- [Problem] Give the records again exactly, with every character kept.
══════════
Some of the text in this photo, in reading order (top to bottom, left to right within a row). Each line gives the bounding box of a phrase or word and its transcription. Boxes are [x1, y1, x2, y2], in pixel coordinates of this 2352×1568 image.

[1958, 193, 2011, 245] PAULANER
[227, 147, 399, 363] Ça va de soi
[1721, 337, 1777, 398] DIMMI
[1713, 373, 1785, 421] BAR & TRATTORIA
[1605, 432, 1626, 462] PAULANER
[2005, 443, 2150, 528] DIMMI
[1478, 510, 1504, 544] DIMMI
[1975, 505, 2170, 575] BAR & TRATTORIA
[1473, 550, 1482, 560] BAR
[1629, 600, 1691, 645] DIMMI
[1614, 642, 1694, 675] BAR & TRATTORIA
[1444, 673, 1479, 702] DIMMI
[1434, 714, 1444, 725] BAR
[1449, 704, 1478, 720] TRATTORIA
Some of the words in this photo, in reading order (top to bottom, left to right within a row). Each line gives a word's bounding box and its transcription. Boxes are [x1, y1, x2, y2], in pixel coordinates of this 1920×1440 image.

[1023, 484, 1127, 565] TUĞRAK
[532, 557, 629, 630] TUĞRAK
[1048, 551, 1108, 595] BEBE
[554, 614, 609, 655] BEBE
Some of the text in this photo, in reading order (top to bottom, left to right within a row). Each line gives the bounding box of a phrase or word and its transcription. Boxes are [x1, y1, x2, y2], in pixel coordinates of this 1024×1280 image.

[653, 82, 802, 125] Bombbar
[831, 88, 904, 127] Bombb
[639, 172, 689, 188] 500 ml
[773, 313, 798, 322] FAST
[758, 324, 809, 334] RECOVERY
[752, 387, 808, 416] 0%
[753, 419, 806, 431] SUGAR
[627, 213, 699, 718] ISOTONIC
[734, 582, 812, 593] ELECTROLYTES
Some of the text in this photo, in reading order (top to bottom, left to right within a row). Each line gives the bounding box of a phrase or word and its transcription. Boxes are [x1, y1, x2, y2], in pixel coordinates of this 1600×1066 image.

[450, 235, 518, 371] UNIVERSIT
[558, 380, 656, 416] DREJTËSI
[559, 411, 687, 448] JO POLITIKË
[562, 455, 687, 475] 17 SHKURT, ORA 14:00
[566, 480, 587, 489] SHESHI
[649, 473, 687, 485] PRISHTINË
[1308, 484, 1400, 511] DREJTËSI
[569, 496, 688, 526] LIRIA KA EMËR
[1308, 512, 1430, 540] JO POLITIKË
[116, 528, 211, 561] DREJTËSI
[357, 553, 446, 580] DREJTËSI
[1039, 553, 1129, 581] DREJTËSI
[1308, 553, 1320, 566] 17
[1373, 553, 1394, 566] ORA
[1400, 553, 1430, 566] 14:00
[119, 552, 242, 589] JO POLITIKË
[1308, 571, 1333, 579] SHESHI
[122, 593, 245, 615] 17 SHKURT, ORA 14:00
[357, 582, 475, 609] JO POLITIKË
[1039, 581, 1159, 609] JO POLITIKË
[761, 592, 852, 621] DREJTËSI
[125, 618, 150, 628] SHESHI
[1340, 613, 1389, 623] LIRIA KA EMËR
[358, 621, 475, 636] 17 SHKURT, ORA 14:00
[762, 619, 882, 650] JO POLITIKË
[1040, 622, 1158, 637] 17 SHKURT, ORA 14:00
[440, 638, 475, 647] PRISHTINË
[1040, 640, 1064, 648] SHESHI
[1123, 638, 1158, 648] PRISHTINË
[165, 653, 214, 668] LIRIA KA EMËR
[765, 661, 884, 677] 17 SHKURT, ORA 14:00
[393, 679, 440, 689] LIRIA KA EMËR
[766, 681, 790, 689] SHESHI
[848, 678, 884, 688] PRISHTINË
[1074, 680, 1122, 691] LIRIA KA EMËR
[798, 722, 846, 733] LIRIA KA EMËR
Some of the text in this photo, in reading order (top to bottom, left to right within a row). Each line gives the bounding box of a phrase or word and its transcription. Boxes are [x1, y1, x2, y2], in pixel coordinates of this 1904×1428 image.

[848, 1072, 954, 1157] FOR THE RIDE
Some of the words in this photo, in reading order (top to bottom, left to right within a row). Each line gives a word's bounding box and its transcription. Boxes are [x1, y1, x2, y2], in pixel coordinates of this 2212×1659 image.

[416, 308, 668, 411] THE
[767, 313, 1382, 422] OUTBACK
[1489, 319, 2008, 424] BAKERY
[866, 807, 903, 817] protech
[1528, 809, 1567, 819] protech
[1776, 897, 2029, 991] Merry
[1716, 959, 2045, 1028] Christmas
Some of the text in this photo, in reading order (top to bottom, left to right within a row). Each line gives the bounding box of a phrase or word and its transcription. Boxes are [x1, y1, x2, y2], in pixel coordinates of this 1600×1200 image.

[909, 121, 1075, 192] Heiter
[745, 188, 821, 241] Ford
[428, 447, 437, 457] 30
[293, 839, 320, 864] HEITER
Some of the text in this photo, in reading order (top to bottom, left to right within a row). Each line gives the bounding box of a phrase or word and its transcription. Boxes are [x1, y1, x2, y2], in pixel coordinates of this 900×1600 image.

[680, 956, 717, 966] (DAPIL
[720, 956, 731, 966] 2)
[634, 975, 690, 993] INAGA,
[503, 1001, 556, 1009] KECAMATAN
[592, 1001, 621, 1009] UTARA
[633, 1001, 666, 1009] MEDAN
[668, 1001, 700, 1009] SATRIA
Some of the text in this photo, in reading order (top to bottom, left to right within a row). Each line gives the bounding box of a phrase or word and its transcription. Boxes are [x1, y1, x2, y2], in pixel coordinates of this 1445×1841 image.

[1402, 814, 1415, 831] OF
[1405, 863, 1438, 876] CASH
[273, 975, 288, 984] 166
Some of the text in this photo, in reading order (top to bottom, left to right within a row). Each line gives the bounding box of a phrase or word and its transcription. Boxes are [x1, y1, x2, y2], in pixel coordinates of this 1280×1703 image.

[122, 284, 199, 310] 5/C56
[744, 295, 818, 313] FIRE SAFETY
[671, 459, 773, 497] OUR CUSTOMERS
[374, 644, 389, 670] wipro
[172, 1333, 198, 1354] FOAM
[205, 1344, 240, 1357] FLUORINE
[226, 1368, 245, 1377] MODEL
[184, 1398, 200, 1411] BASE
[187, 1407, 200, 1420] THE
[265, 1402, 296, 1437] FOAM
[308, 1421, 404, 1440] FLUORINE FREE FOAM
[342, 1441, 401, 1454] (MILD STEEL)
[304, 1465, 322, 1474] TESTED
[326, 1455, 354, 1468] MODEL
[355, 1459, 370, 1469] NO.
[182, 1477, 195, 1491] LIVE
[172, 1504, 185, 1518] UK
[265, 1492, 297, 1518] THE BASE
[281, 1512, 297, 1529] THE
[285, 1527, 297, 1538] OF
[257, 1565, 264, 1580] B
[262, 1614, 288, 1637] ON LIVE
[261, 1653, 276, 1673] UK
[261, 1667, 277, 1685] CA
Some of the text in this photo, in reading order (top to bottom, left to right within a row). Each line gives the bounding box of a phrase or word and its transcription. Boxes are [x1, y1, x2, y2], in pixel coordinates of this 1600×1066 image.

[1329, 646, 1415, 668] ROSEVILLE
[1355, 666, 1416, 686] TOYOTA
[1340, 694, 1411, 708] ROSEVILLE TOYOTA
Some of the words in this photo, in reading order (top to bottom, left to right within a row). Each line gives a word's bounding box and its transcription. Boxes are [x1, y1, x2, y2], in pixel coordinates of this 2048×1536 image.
══════════
- [Completed task]
Some of the text in this photo, in reading order (top to bottom, left to right within a row). Each line gives the bounding box of a phrase or word and its transcription. Boxes are [x1, y1, x2, y2], in pixel coordinates of this 2352×1568 image.

[1958, 193, 2011, 245] PAULANER
[227, 147, 399, 363] Ça va de soi
[1721, 337, 1777, 398] DIMMI
[1713, 373, 1785, 421] BAR & TRATTORIA
[1605, 432, 1626, 462] PAULANER
[2005, 443, 2150, 528] DIMMI
[1478, 510, 1504, 544] DIMMI
[1975, 505, 2170, 575] BAR & TRATTORIA
[1473, 550, 1482, 560] BAR
[1629, 600, 1691, 645] DIMMI
[1614, 642, 1694, 675] BAR & TRATTORIA
[1444, 673, 1479, 702] DIMMI
[1434, 714, 1444, 725] BAR
[1449, 704, 1478, 720] TRATTORIA
Some of the words in this photo, in reading order (top to bottom, left to right within a row). Each line gives a word's bounding box and its transcription. Boxes are [x1, y1, x2, y2], in pixel coordinates of this 1920×1440 image.

[1023, 484, 1127, 565] TUĞRAK
[532, 557, 629, 630] TUĞRAK
[1048, 551, 1108, 595] BEBE
[554, 614, 609, 655] BEBE
Some of the text in this photo, in reading order (top to bottom, left to right within a row). Each line gives the bounding box of a phrase or word and its transcription. Boxes are [x1, y1, x2, y2], in pixel coordinates of this 1024×1280 image.

[653, 82, 802, 125] Bombbar
[831, 88, 904, 127] Bombb
[639, 172, 689, 188] 500 ml
[773, 313, 798, 322] FAST
[758, 324, 809, 334] RECOVERY
[752, 387, 808, 416] 0%
[753, 419, 806, 431] SUGAR
[627, 213, 699, 718] ISOTONIC
[734, 582, 812, 593] ELECTROLYTES
Some of the text in this photo, in reading order (top to bottom, left to right within a row). Each line gives the bounding box of a phrase or word and its transcription. Boxes are [x1, y1, x2, y2], in pixel coordinates of this 1600×1066 image.

[450, 235, 518, 371] UNIVERSIT
[558, 380, 656, 416] DREJTËSI
[559, 411, 687, 448] JO POLITIKË
[562, 455, 687, 475] 17 SHKURT, ORA 14:00
[566, 480, 587, 489] SHESHI
[649, 473, 687, 485] PRISHTINË
[1308, 484, 1400, 511] DREJTËSI
[569, 496, 688, 526] LIRIA KA EMËR
[1308, 512, 1430, 540] JO POLITIKË
[116, 528, 211, 561] DREJTËSI
[357, 553, 446, 580] DREJTËSI
[1039, 553, 1129, 581] DREJTËSI
[1308, 553, 1320, 566] 17
[1373, 553, 1394, 566] ORA
[1400, 553, 1430, 566] 14:00
[119, 552, 242, 589] JO POLITIKË
[1308, 571, 1333, 579] SHESHI
[122, 593, 245, 615] 17 SHKURT, ORA 14:00
[357, 582, 475, 609] JO POLITIKË
[1039, 581, 1159, 609] JO POLITIKË
[761, 592, 852, 621] DREJTËSI
[125, 618, 150, 628] SHESHI
[1340, 613, 1389, 623] LIRIA KA EMËR
[358, 621, 475, 636] 17 SHKURT, ORA 14:00
[762, 619, 882, 650] JO POLITIKË
[1040, 622, 1158, 637] 17 SHKURT, ORA 14:00
[440, 638, 475, 647] PRISHTINË
[1040, 640, 1064, 648] SHESHI
[1123, 638, 1158, 648] PRISHTINË
[165, 653, 214, 668] LIRIA KA EMËR
[765, 661, 884, 677] 17 SHKURT, ORA 14:00
[393, 679, 440, 689] LIRIA KA EMËR
[766, 681, 790, 689] SHESHI
[848, 678, 884, 688] PRISHTINË
[1074, 680, 1122, 691] LIRIA KA EMËR
[798, 722, 846, 733] LIRIA KA EMËR
Some of the text in this photo, in reading order (top to bottom, left to right within a row). Each line gives the bounding box of a phrase or word and its transcription. Boxes are [x1, y1, x2, y2], in pixel coordinates of this 1904×1428 image.

[848, 1072, 954, 1157] FOR THE RIDE
Some of the words in this photo, in reading order (top to bottom, left to right within a row). Each line gives a word's bounding box and its transcription. Boxes are [x1, y1, x2, y2], in pixel coordinates of this 2212×1659 image.

[416, 308, 668, 411] THE
[767, 313, 1382, 422] OUTBACK
[1489, 319, 2008, 424] BAKERY
[866, 807, 903, 817] protech
[1528, 809, 1567, 819] protech
[1776, 897, 2029, 991] Merry
[1716, 959, 2045, 1028] Christmas
Some of the text in this photo, in reading order (top to bottom, left to right within a row). Each line gives the bounding box of a phrase or word and its transcription. Boxes are [x1, y1, x2, y2], in pixel coordinates of this 1600×1200 image.

[909, 121, 1075, 192] Heiter
[745, 188, 821, 241] Ford
[428, 447, 437, 457] 30
[293, 839, 320, 864] HEITER
Some of the text in this photo, in reading order (top to bottom, left to right within a row). Each line gives the bounding box of a phrase or word and its transcription. Boxes are [x1, y1, x2, y2], in pixel coordinates of this 900×1600 image.

[680, 956, 717, 966] (DAPIL
[720, 956, 731, 966] 2)
[634, 975, 690, 993] INAGA,
[503, 1001, 556, 1009] KECAMATAN
[592, 1001, 621, 1009] UTARA
[633, 1001, 666, 1009] MEDAN
[668, 1001, 700, 1009] SATRIA
Some of the text in this photo, in reading order (top to bottom, left to right within a row). Each line gives the bounding box of a phrase or word and its transcription. Boxes are [x1, y1, x2, y2], in pixel coordinates of this 1445×1841 image.

[1402, 814, 1415, 831] OF
[1405, 863, 1438, 876] CASH
[273, 975, 288, 984] 166
Some of the text in this photo, in reading order (top to bottom, left to right within a row). Each line gives the bounding box of a phrase or word and its transcription. Boxes are [x1, y1, x2, y2], in pixel coordinates of this 1280×1703 image.

[122, 284, 199, 310] 5/C56
[744, 295, 818, 313] FIRE SAFETY
[671, 459, 773, 497] OUR CUSTOMERS
[374, 644, 389, 670] wipro
[172, 1333, 198, 1354] FOAM
[205, 1344, 240, 1357] FLUORINE
[226, 1368, 245, 1377] MODEL
[184, 1398, 200, 1411] BASE
[187, 1407, 200, 1420] THE
[265, 1402, 296, 1437] FOAM
[308, 1421, 404, 1440] FLUORINE FREE FOAM
[342, 1441, 401, 1454] (MILD STEEL)
[304, 1465, 322, 1474] TESTED
[326, 1455, 354, 1468] MODEL
[355, 1459, 370, 1469] NO.
[182, 1477, 195, 1491] LIVE
[172, 1504, 185, 1518] UK
[265, 1492, 297, 1518] THE BASE
[281, 1512, 297, 1529] THE
[285, 1527, 297, 1538] OF
[257, 1565, 264, 1580] B
[262, 1614, 288, 1637] ON LIVE
[261, 1653, 276, 1673] UK
[261, 1667, 277, 1685] CA
Some of the text in this photo, in reading order (top to bottom, left to right within a row). Each line gives the bounding box of a phrase or word and its transcription. Boxes are [x1, y1, x2, y2], in pixel coordinates of this 1600×1066 image.

[1329, 646, 1415, 668] ROSEVILLE
[1355, 666, 1416, 686] TOYOTA
[1340, 694, 1411, 708] ROSEVILLE TOYOTA
Some of the words in this photo, in reading order (top to bottom, left to right within a row). Each line gives a word's bounding box and its transcription. Boxes are [x1, y1, x2, y2], in pixel coordinates of this 2048×1536 image.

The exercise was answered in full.